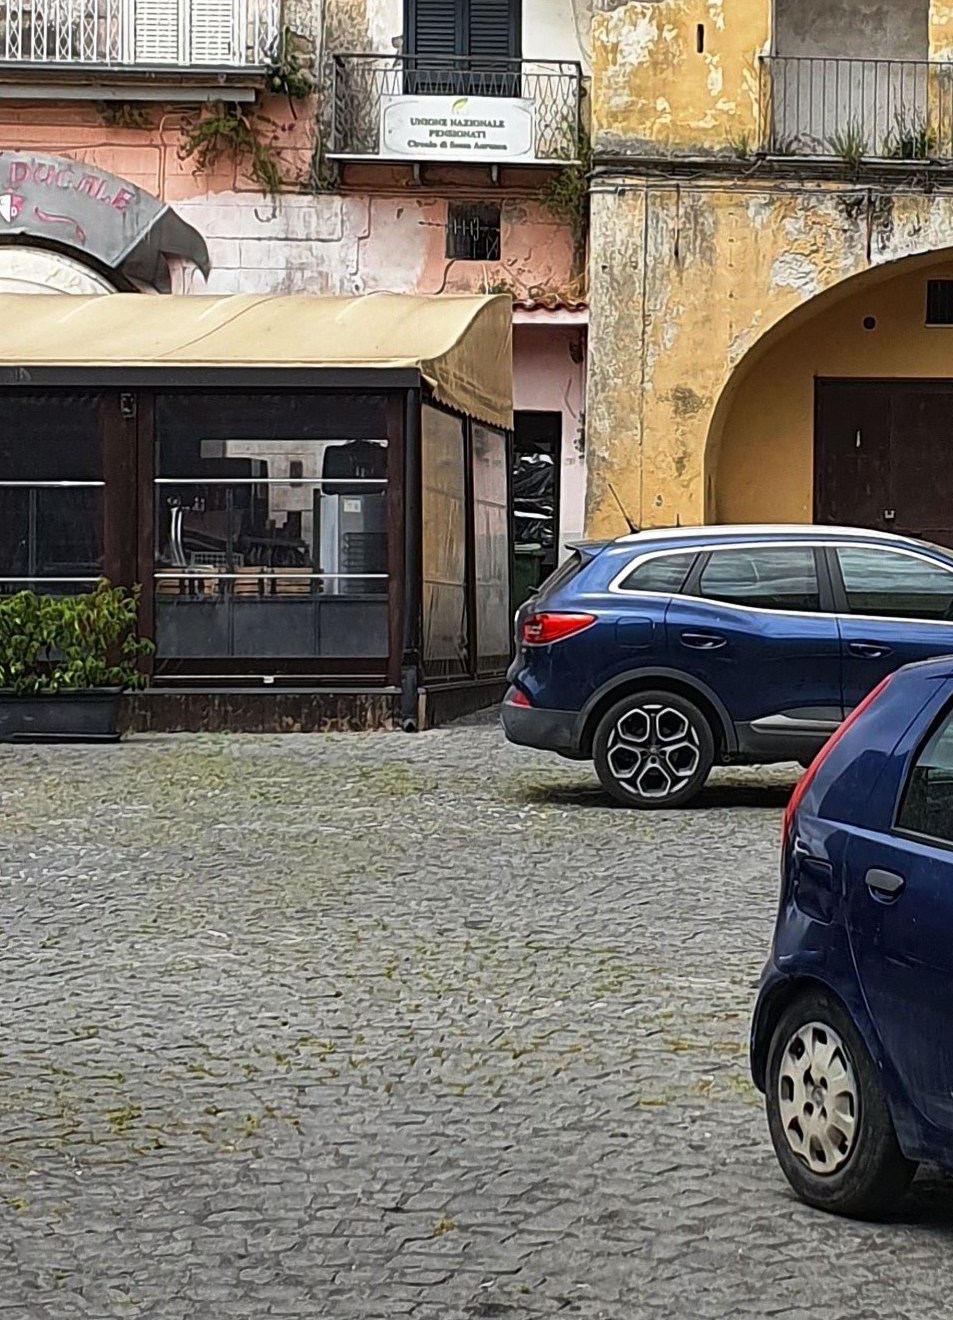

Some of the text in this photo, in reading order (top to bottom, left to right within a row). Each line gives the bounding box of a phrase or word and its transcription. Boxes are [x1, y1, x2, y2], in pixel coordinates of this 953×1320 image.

[410, 117, 505, 128] UNIONE NAZIONALE
[428, 130, 486, 139] PENSIONATI
[9, 161, 135, 213] DUCALE
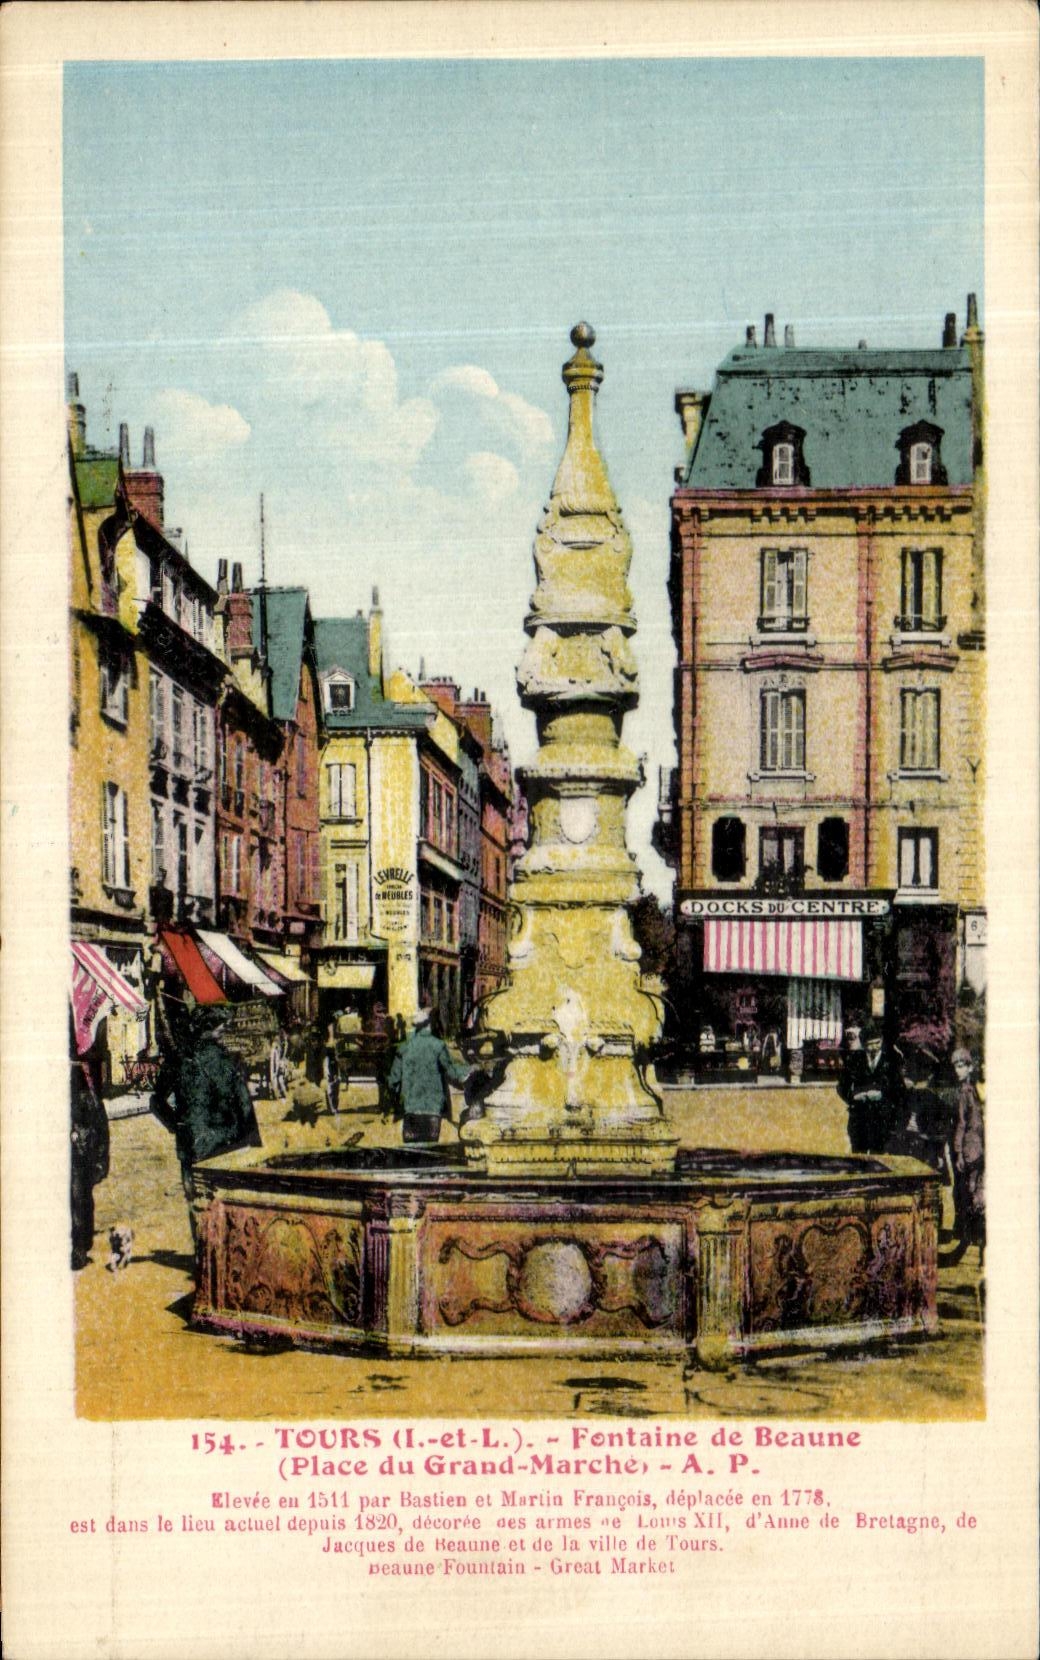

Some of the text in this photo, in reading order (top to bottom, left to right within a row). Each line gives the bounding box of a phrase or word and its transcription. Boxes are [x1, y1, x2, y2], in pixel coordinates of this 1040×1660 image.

[381, 890, 413, 900] MEUBLES
[690, 900, 880, 914] DOCKS DU CENTRE
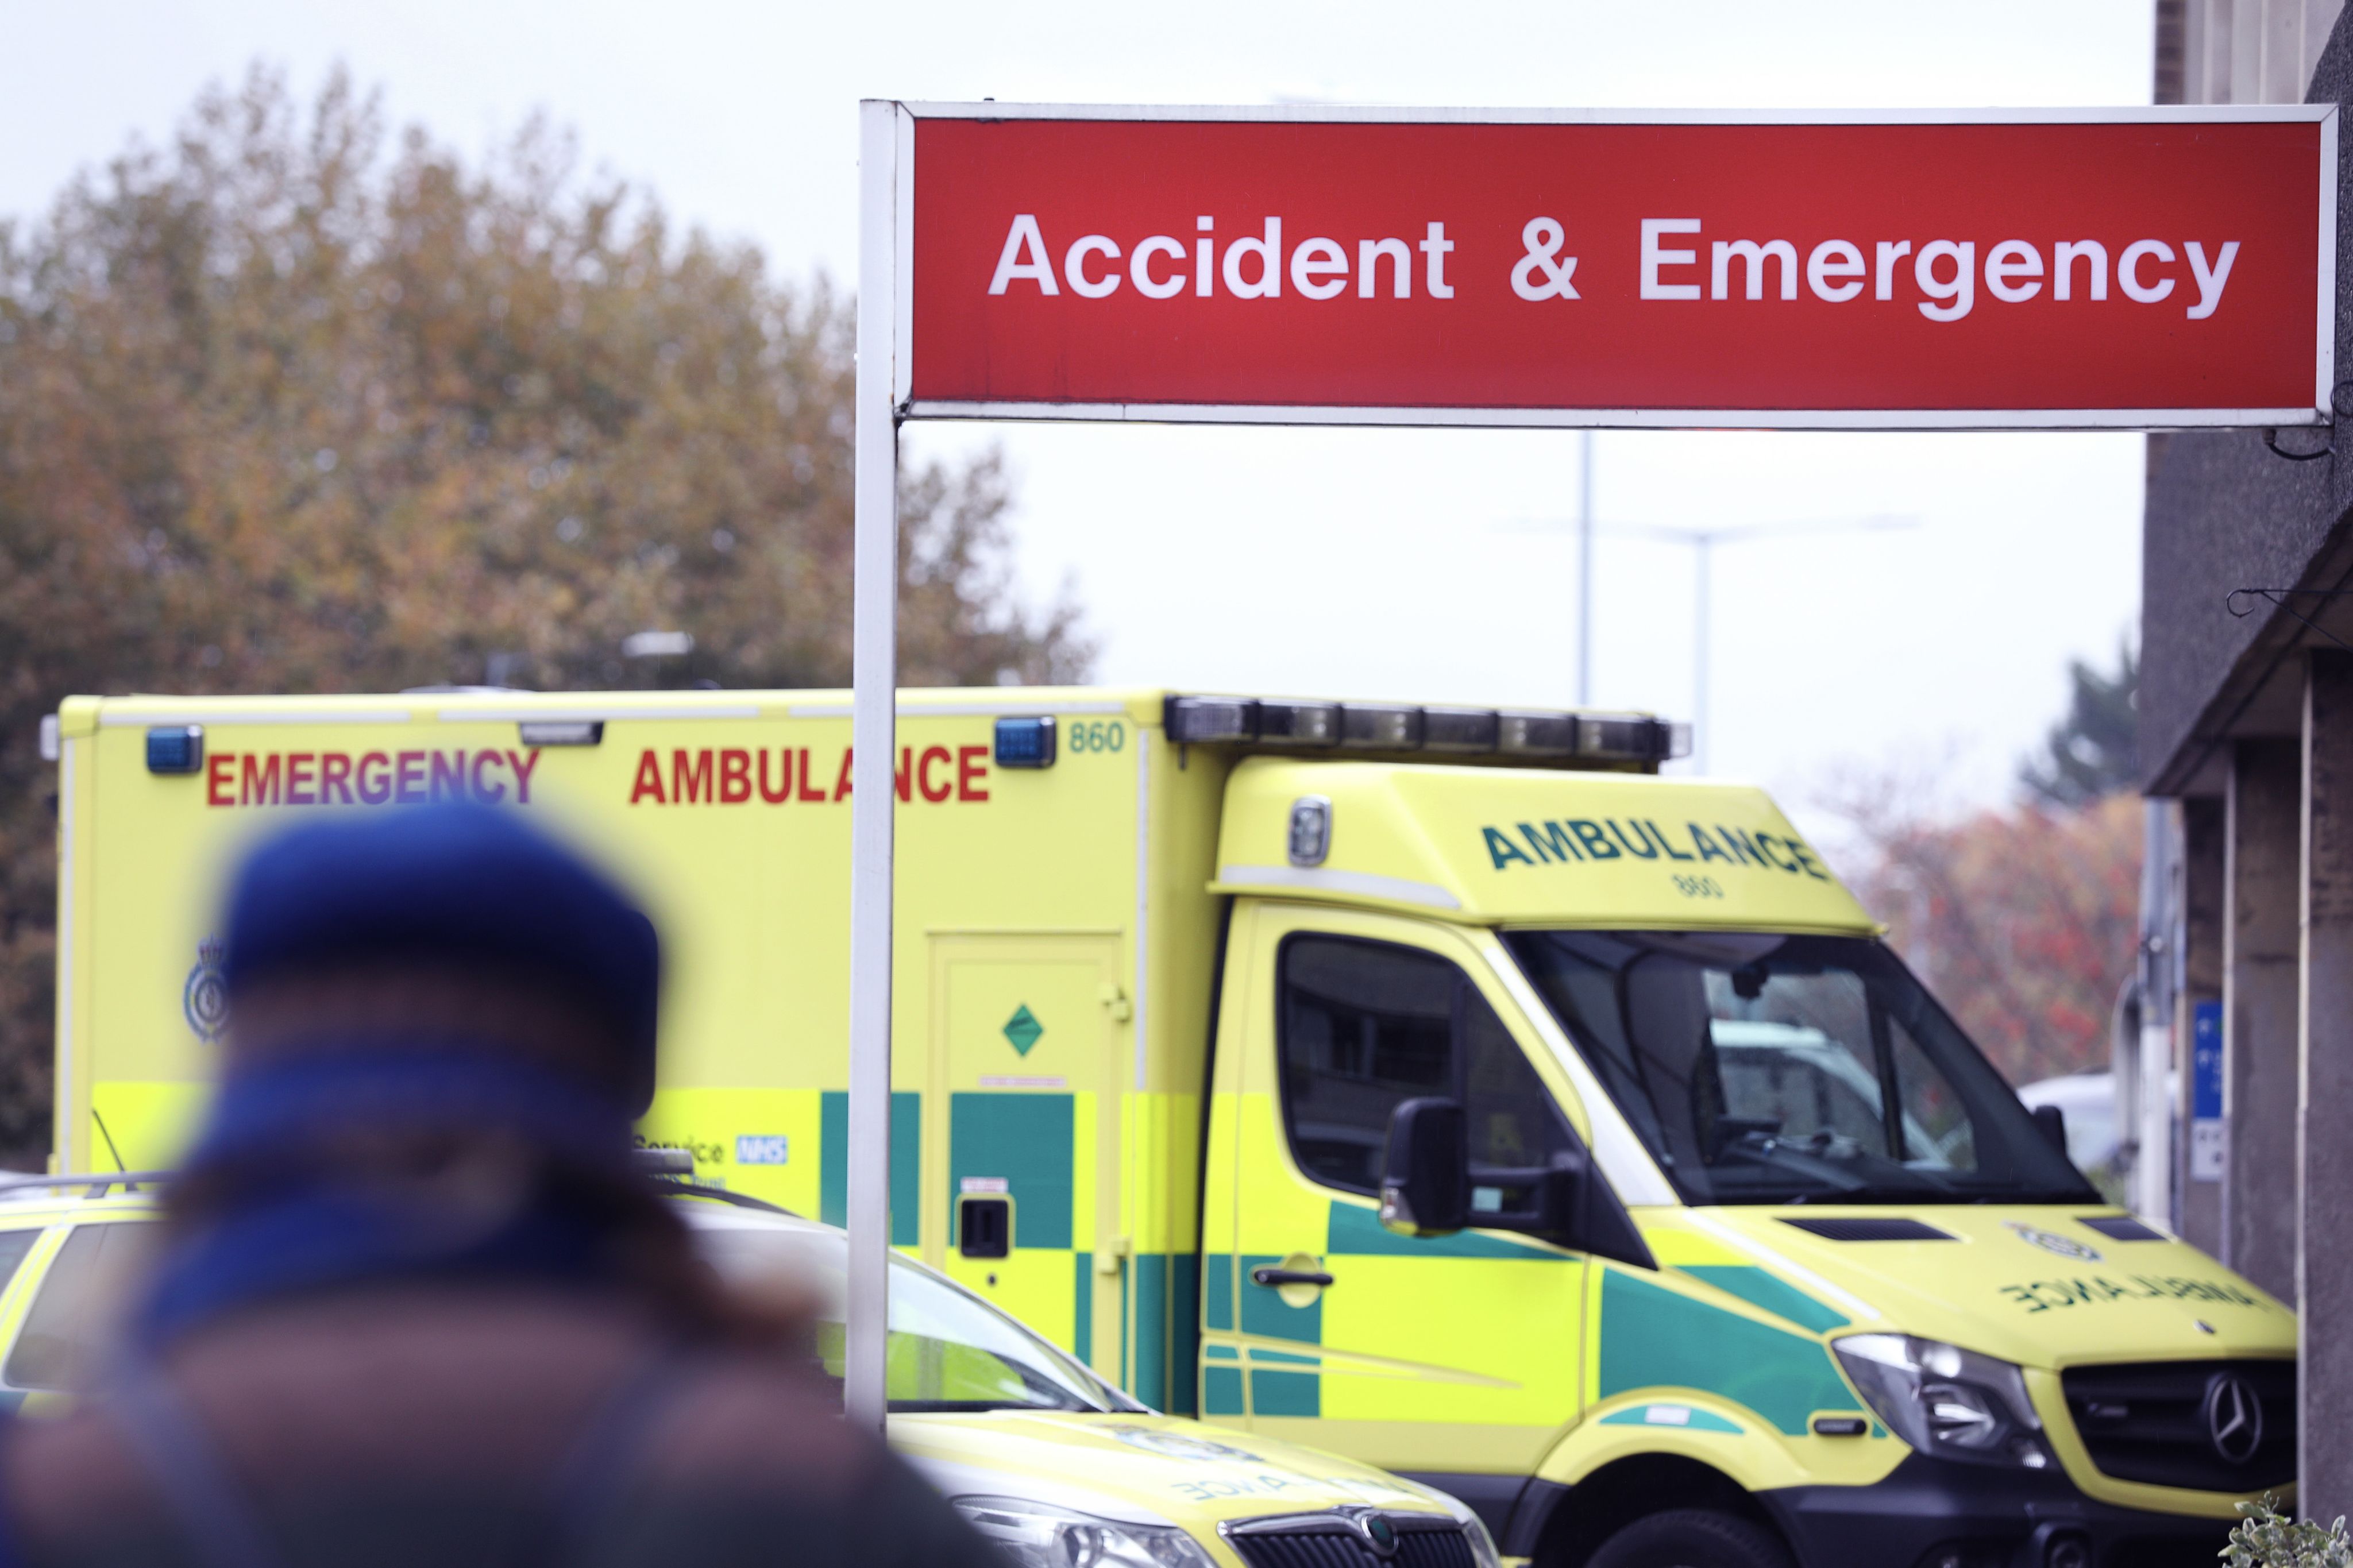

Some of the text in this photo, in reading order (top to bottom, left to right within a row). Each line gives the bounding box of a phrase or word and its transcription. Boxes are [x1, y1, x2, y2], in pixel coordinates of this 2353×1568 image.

---

What is expected =
The expected output is the full material above, word for word, without pictures.

Answer below =
Some of the text in this photo, in reading order (top to bottom, left to right within a row). Each line gives the bounding box of a phrase or word and its transcription. Boxes are [x1, y1, x2, y2], in pixel coordinates of this 953×1320 image.

[410, 117, 505, 128] UNIONE NAZIONALE
[428, 130, 486, 139] PENSIONATI
[9, 161, 135, 213] DUCALE

Some of the text in this photo, in reading order (top to bottom, left to right within a row). Each line gives the bounding box of a phrase or word and its transcription. Boxes are [x1, y1, x2, y2], in pixel coordinates of this 1040×1660 image.

[381, 890, 413, 900] MEUBLES
[690, 900, 880, 914] DOCKS DU CENTRE

Some of the text in this photo, in reading order (top to bottom, left to right within a row). Each line gives the bounding box of a phrase or word and its transcription. Boxes are [x1, y1, x2, y2], in pixel coordinates of this 2353×1568 image.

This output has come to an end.